EXERCISE DESCRIPTION -
Copy all records verbatim, images excluded.

Text-to-region grounding data:
━━━━━━━━━━━━━━━━━━━━━━━━━━━━━━

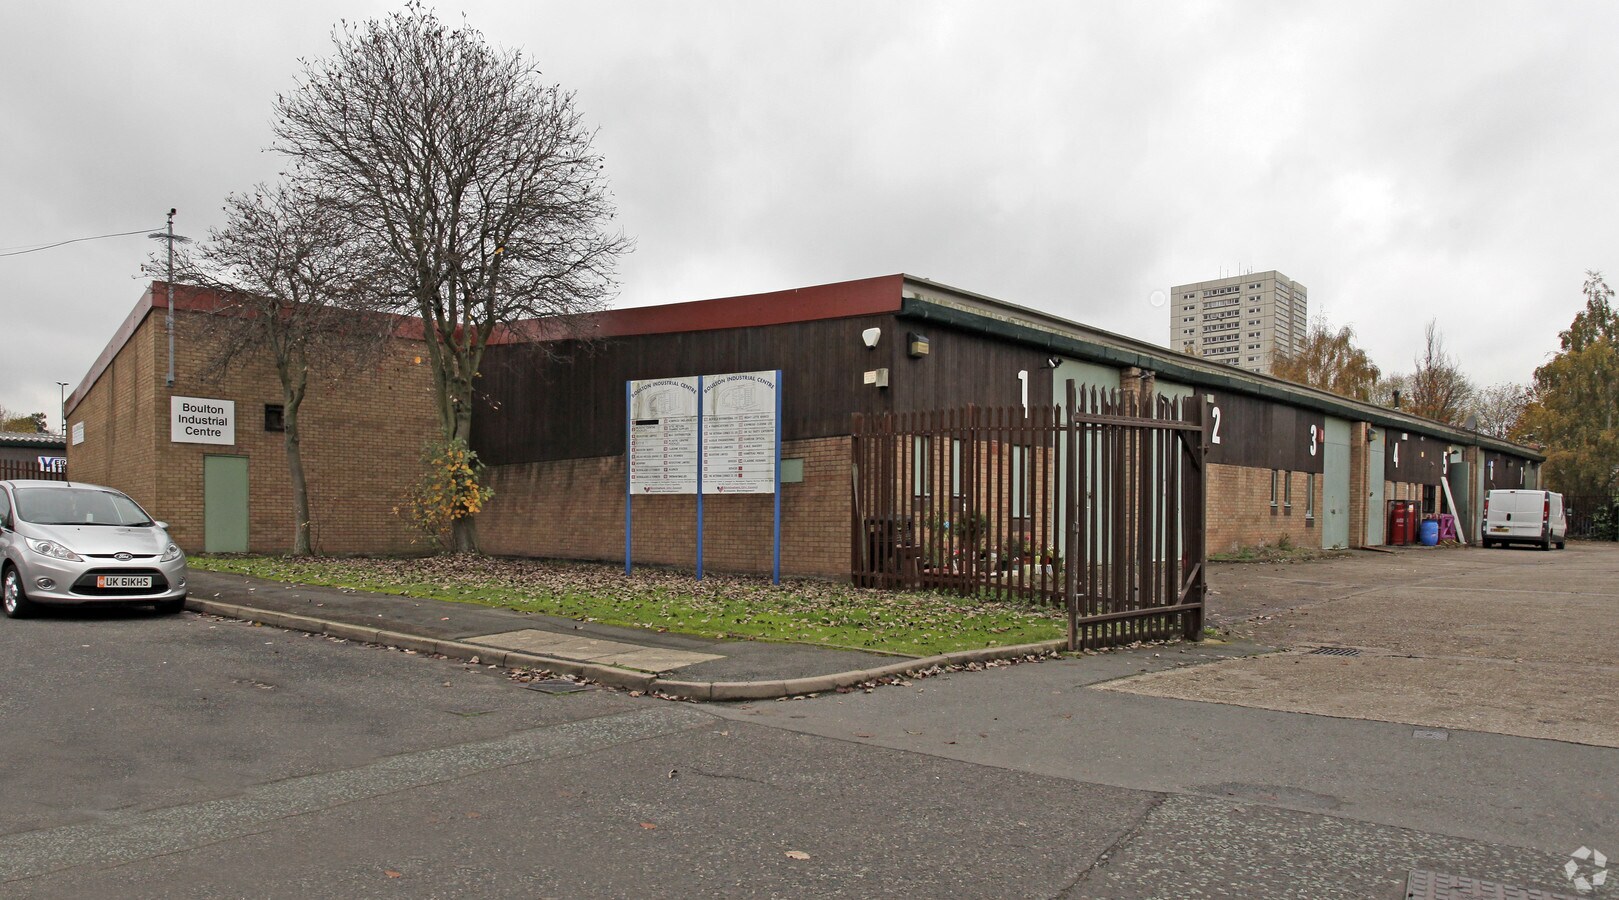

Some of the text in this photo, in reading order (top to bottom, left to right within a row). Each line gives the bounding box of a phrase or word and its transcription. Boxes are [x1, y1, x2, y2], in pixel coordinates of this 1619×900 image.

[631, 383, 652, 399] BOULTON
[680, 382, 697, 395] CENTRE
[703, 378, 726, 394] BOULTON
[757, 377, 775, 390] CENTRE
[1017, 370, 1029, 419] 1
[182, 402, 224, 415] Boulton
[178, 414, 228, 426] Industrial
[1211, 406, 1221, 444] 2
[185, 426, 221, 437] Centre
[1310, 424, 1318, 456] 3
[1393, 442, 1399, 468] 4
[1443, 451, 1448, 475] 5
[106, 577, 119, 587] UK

━━━━━━━━━━━━━━━━━━━━━━━━━━━━━━

RESPONSE BOX -
Some of the text in this photo, in reading order (top to bottom, left to right within a row). Each line gives the bounding box of a phrase or word and its transcription. Boxes are [x1, y1, x2, y2], in pixel coordinates of this 1619×900 image.

[631, 383, 652, 399] BOULTON
[680, 382, 697, 395] CENTRE
[703, 378, 726, 394] BOULTON
[757, 377, 775, 390] CENTRE
[1017, 370, 1029, 419] 1
[182, 402, 224, 415] Boulton
[178, 414, 228, 426] Industrial
[1211, 406, 1221, 444] 2
[185, 426, 221, 437] Centre
[1310, 424, 1318, 456] 3
[1393, 442, 1399, 468] 4
[1443, 451, 1448, 475] 5
[106, 577, 119, 587] UK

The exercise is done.